Le coup de filet a eu lieu le samedi 20 juin après-midi : treize personnes ont été arrêtées dans une résidence de la capitale. Une autre a été appréhendée le lendemain alors qu’elle s’apprêtait à franchir la frontière avec la Namibie et une dernière a été arrêtée mardi 23 juin, soit en tout quinze « conspirateurs ».
Dans la foulée, Eugénio Pedro Alexandre, directeur du service d’investigation criminelle, a publié un communiqué expliquant que ces citoyens « se préparaient à commettre des actes destinés à modifier l’ordre et la sécurité publique ». Pour sa part, le site d’opposition Club-K a annoncé que la police allait présenter des preuves sous forme de documents, de brochures, de manuels, de fichiers électroniques et de livres.
Les détenus sont de jeunes militants des droits humains appelés « revús » (abréviation angolaise de « révolutionnaires »), bien connus en Angola pour organiser des conférences ou des marches pacifiques. Parmi eux se trouvent des personnalités comme le rappeur Luaty Beirão, l’ex-prisonnier politique le plus jeune du monde, Manuel Nito Alves, ou le philosophe Domingos de Cruz, qui est aussi journaliste pour l’hebdomadaire Folha 8 et animateur d’un observatoire de la presse, créé fin 2014 afin de défendre la liberté d’expression et la démocratie. C’est lui qui a été arrêté dimanche à la frontière de la Namibie et dont les œuvres semblent avoir joué un rôle important dans cette affaire.
Car les personnes arrêtées en « flagrant délit de coup d’Etat », selon les mots du parquet, dissertaient samedi 20 juin des « 180 techniques pacifiques de détruire un dictateur », exposées dans le dernier livre de Domingos de Cruz sur la désobéissance civile : Outils pour détruire un dictateur et éviter de nouvelles dictatures, en portugais Ferramentas para Destruir o Ditador e Evitar Nova Ditadura (éditions Mondo Bantu, 2015).
Les jeunes gens ont été incarcérés dans différentes unités de police à Luanda avant d’être placés en cellule d’isolement puis d’être transférés à la prison de Calumboloca, à 70 kilomètres de la capitale, sans doute pour rendre plus difficile le travail des avocats et les visites des familles.
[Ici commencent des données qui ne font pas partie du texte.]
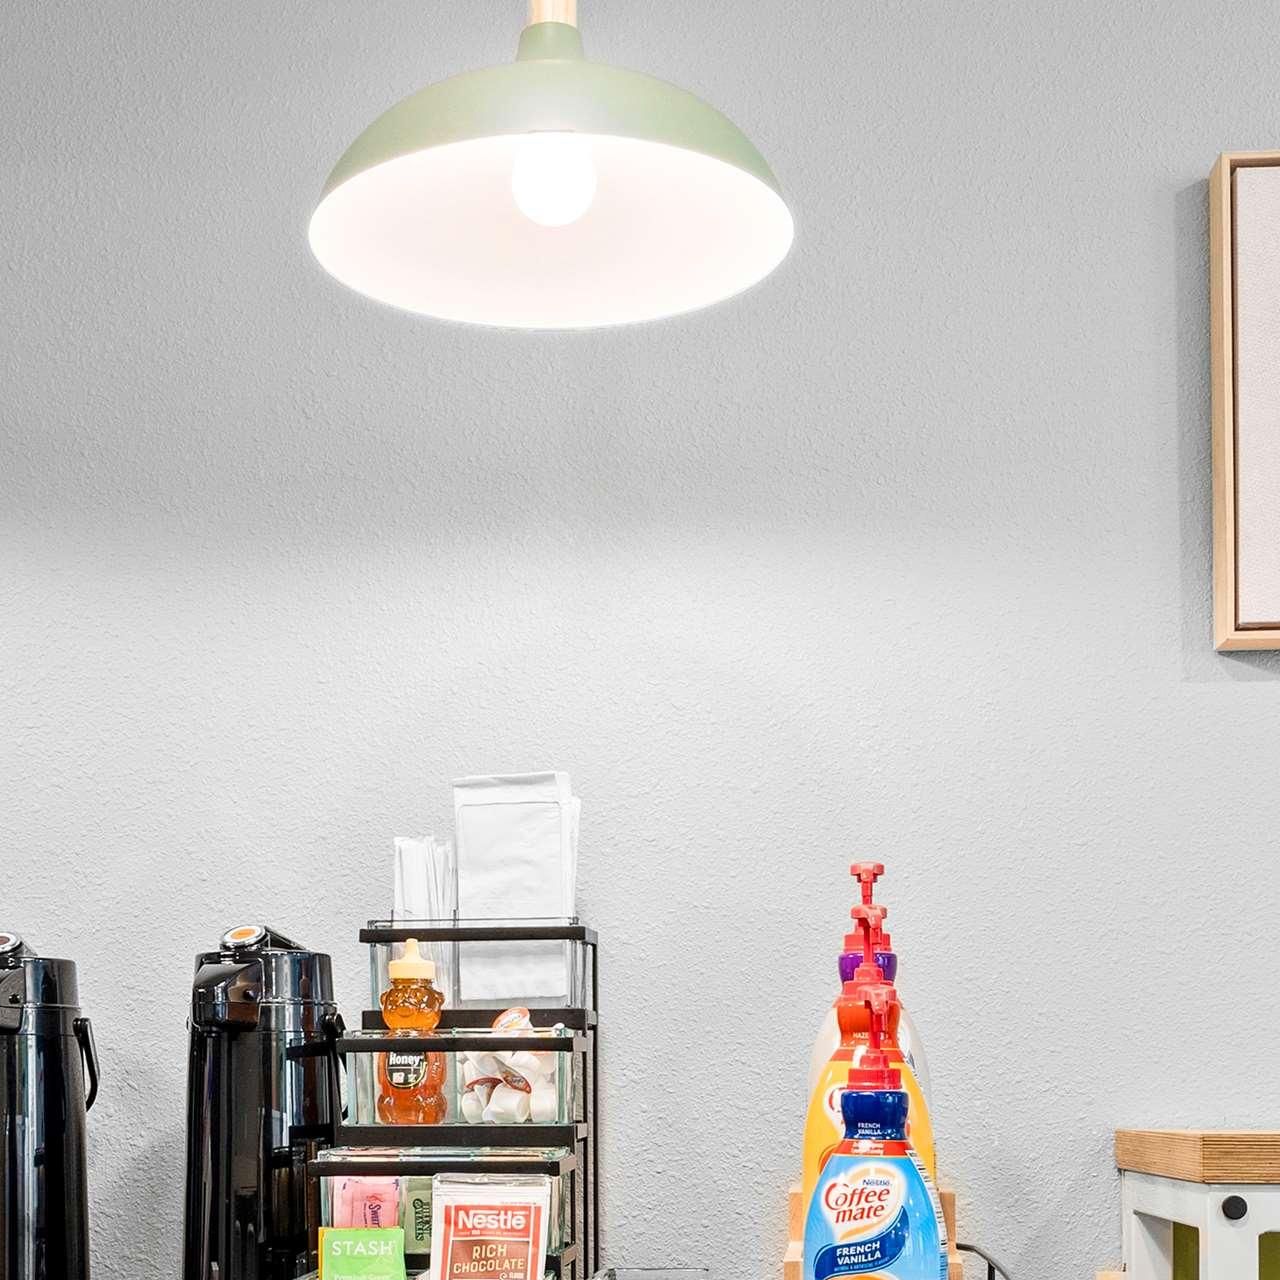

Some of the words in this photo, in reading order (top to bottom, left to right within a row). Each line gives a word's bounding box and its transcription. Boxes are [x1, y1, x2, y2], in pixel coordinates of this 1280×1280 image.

Sur les quinze, seuls quatre ont été entendus en présence d’un avocat. Une note du parquet datée du 25 juin leur interdit tout contact avec l’extérieur pendant au moins dix jours. Abel Chivukuvuku, chef du parti de l’opposition CASA-CE, a essayé de rendre visite aux « revús ». En vain.
Le 25 juin, le parquet a également présenté au Parlement un enregistrement sonore en affirmant qu’il s’agissait d’une preuve que les jeunes préparaient une insurrection populaire destinée à renverser le président dos Santos et précisant qu’ils étaient manipulés par des ambassades occidentales, qui leur auraient promis 100 millions de dollars pour financer leurs basses œuvres.
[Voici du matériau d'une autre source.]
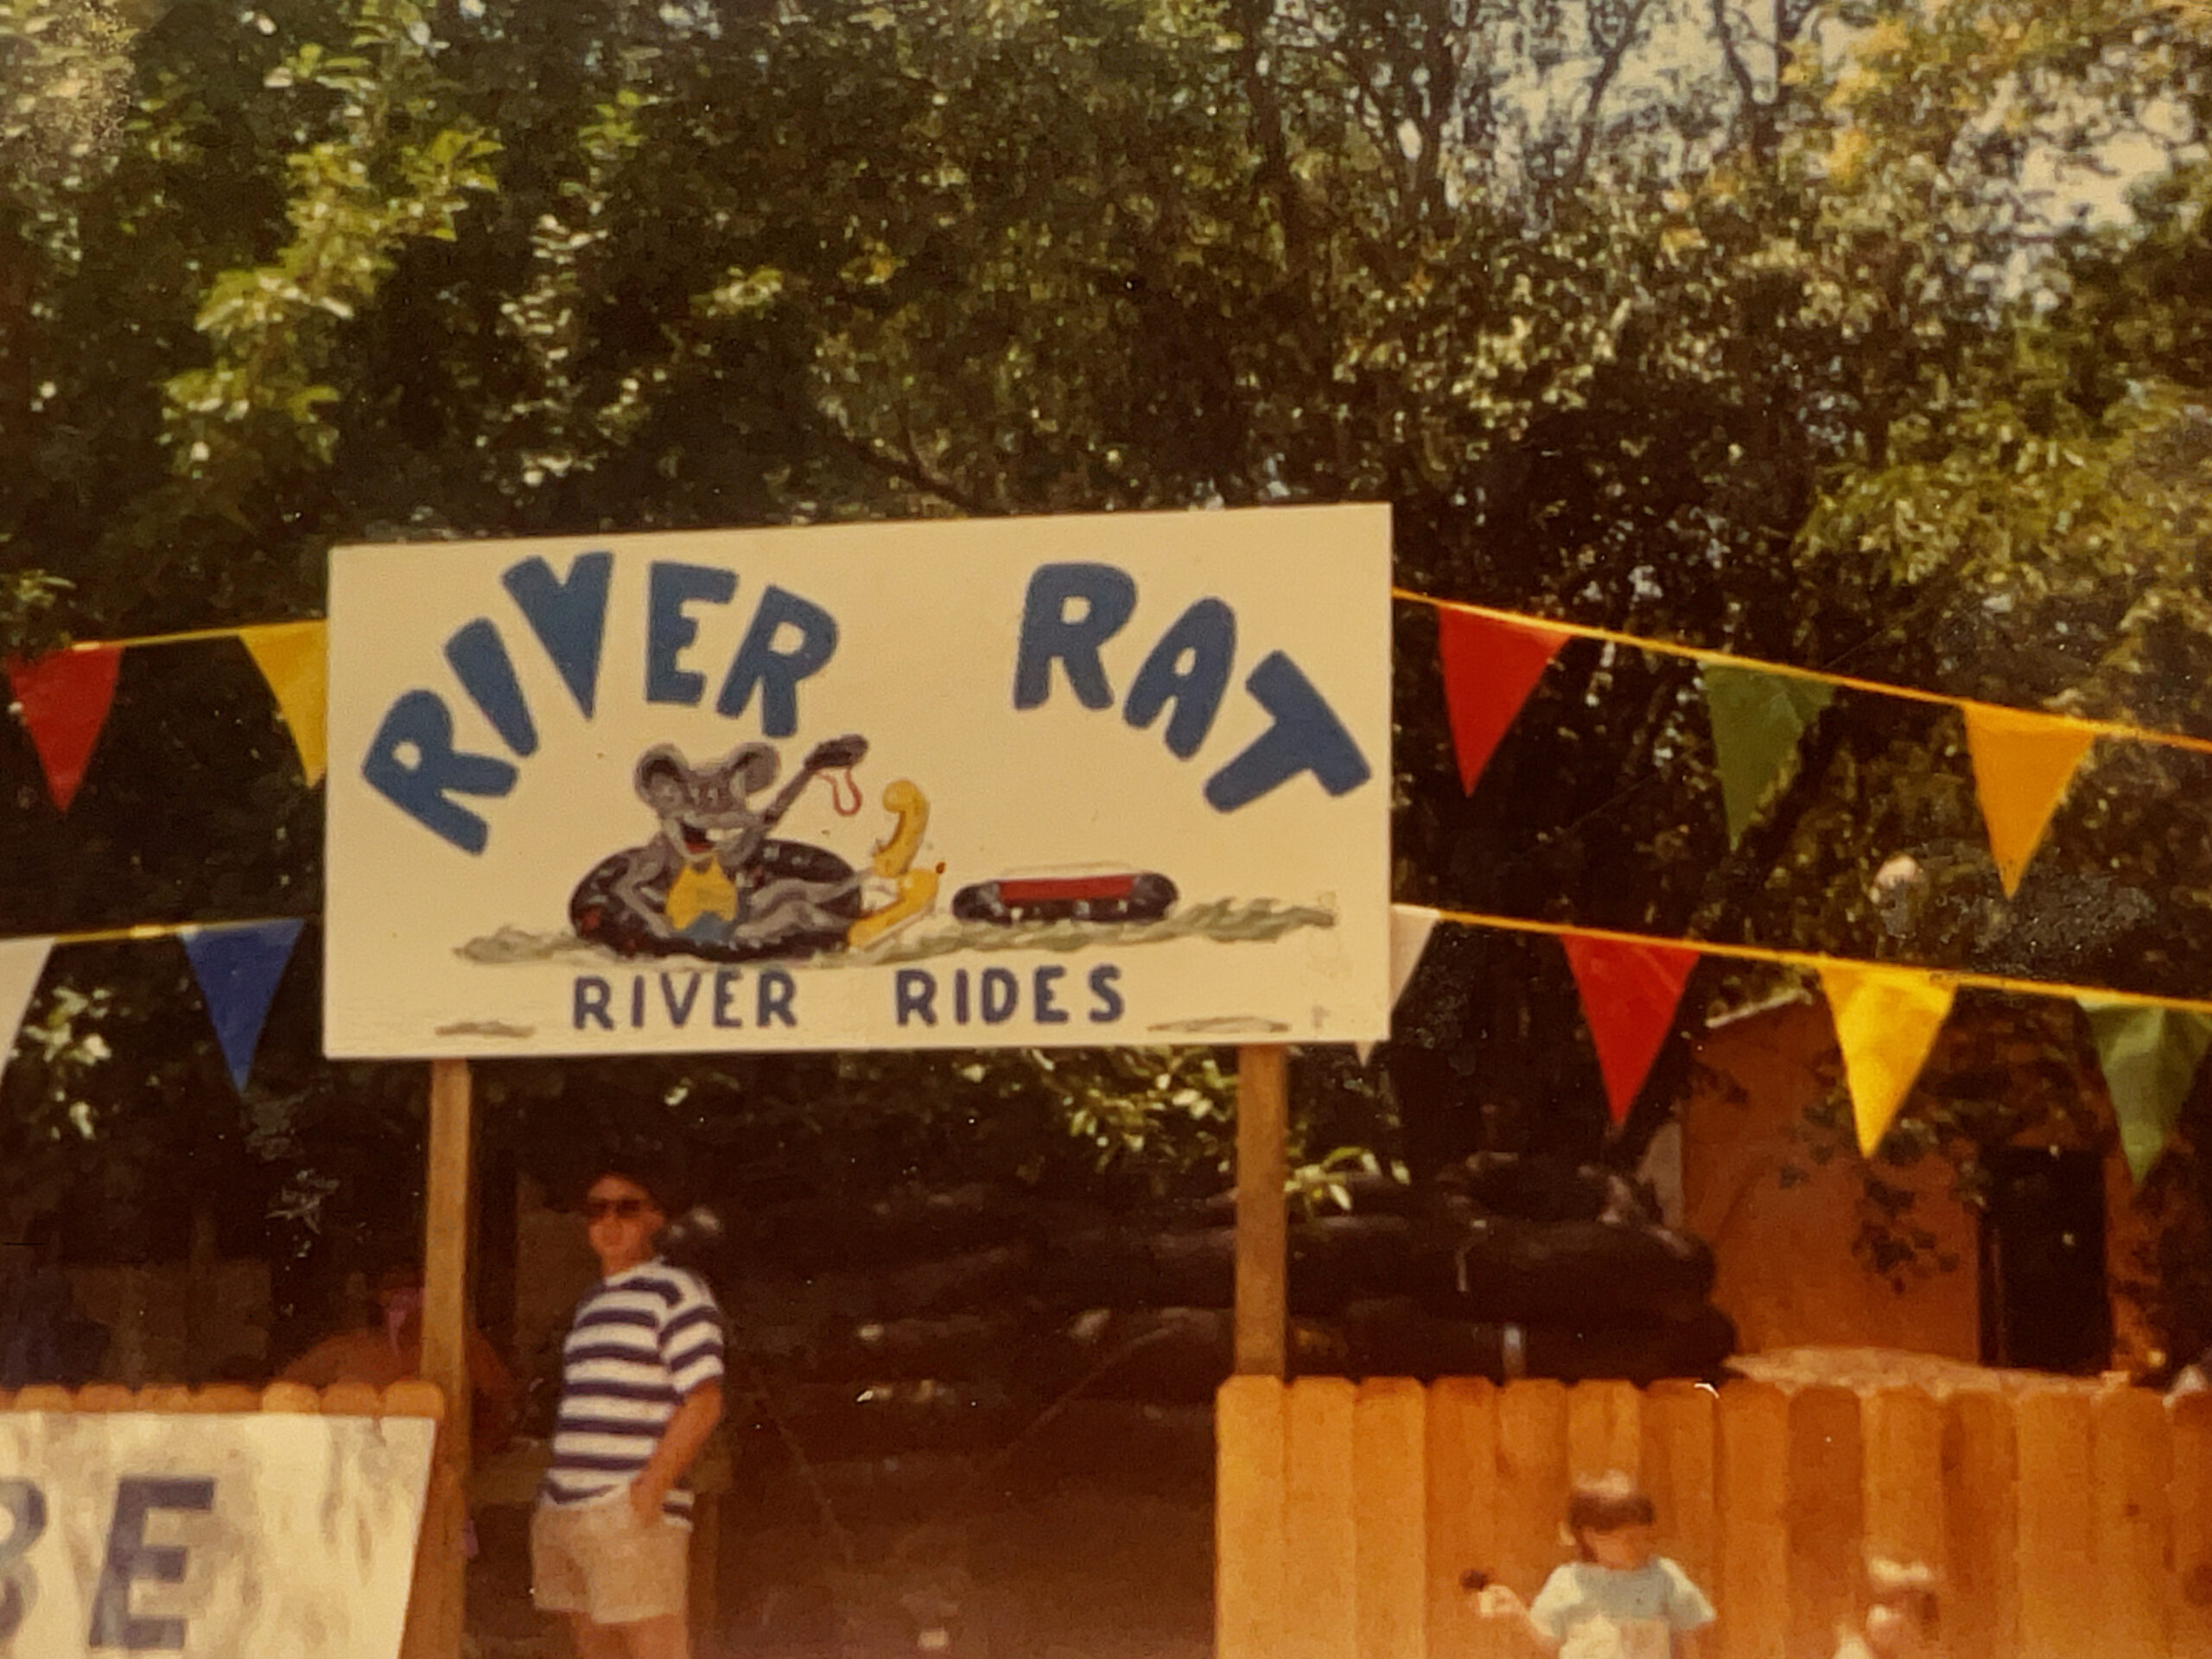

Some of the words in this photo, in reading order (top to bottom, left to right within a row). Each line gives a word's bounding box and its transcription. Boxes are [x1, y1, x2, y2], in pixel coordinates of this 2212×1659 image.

[361, 551, 838, 855] RIVER
[1012, 562, 1370, 814] RAT
[572, 968, 798, 1030] RIVER
[896, 964, 1125, 1027] RIDES
Lire aussi : Angola : combien de morts lors de l’assaut policier contre la secte du Mont Sumé ?
Selon le site Club-K, ces informations ont été obtenues par un agent de sécurité infiltré chez les « revús » et répondant au nom de code de « Dongala » (nom très courant, équivalent en France de Dupont ou Durand). Dongala est d’ailleurs l’auteur de l’enregistrement présenté au parlement. On y entend notamment Domingos da Cruz affirmer que les dictatures doivent être éradiquées, mais sans violence.
Parmi les documents saisis au domicile des « revús » et dans leurs ordinateurs a notamment émergé une liste de noms de personnes que les « conspirateurs » estimaient capables de diriger le pays après le régime dos Santos. Ce travail théorique accompli par les jeunes gens embastillés engloberait tous les postes clés et tous les secteurs de la société angolaise, du sommet politique de l’Etat jusqu’aux organisations de loisirs, en passant par l’économie, les sports, la culture, la justice et même le ministère de la pêche.
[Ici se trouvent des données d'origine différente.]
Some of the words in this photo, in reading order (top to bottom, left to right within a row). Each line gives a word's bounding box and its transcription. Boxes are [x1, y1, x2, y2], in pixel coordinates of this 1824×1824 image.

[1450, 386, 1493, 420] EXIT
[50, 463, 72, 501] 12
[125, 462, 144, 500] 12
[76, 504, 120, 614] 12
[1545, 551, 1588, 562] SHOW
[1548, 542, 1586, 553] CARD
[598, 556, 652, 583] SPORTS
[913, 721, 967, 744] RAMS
Commentaire d’un proche de Domingos da Cruz, qui préfère garder l’anonymat : « Les jeunes ont pris au sérieux ce qui va arriver tôt ou tard, avec ou sans violence, ne serait-ce que pour des raisons naturelles : un changement de régime. Mais cela ne constitue pas une tentative de coup d’Etat ! »
Le 22 juin, Amnesty International a appelé à la libération immédiate et sans condition de tous les militants arrêtés en Angola alors qu’ils s’étaient réunis pour parler des violations des droits humains et des problèmes de gouvernance. « Il s’agit d’une manœuvre visant à étouffer les voix dissidentes et réprimer la liberté de réunion pacifique dans le pays », a ajouté l’organisation.